◆ YOUR OBJECTIVE
Print out the entries that follow exactly, missing none.

Data records
╭──
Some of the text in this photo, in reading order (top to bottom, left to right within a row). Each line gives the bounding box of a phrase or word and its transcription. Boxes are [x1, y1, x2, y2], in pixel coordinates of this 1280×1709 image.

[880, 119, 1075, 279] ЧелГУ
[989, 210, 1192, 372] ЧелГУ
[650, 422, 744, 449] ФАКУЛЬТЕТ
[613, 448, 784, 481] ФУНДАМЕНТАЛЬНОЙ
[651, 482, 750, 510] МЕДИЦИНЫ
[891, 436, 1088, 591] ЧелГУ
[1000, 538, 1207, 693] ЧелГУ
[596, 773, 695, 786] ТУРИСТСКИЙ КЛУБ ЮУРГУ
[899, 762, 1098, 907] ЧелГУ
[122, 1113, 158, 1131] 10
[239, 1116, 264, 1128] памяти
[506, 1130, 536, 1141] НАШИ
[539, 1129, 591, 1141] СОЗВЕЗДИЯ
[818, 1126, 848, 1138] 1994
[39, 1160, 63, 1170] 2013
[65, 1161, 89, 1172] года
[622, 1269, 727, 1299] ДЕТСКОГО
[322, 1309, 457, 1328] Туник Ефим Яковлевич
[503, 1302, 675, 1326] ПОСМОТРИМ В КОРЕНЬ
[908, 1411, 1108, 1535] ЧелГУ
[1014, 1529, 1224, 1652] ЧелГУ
╰──
◆ RESULT OF THE EXERCISE
Some of the text in this photo, in reading order (top to bottom, left to right within a row). Each line gives the bounding box of a phrase or word and its transcription. Boxes are [x1, y1, x2, y2], in pixel coordinates of this 1280×1709 image.

[880, 119, 1075, 279] ЧелГУ
[989, 210, 1192, 372] ЧелГУ
[650, 422, 744, 449] ФАКУЛЬТЕТ
[613, 448, 784, 481] ФУНДАМЕНТАЛЬНОЙ
[651, 482, 750, 510] МЕДИЦИНЫ
[891, 436, 1088, 591] ЧелГУ
[1000, 538, 1207, 693] ЧелГУ
[596, 773, 695, 786] ТУРИСТСКИЙ КЛУБ ЮУРГУ
[899, 762, 1098, 907] ЧелГУ
[122, 1113, 158, 1131] 10
[239, 1116, 264, 1128] памяти
[506, 1130, 536, 1141] НАШИ
[539, 1129, 591, 1141] СОЗВЕЗДИЯ
[818, 1126, 848, 1138] 1994
[39, 1160, 63, 1170] 2013
[65, 1161, 89, 1172] года
[622, 1269, 727, 1299] ДЕТСКОГО
[322, 1309, 457, 1328] Туник Ефим Яковлевич
[503, 1302, 675, 1326] ПОСМОТРИМ В КОРЕНЬ
[908, 1411, 1108, 1535] ЧелГУ
[1014, 1529, 1224, 1652] ЧелГУ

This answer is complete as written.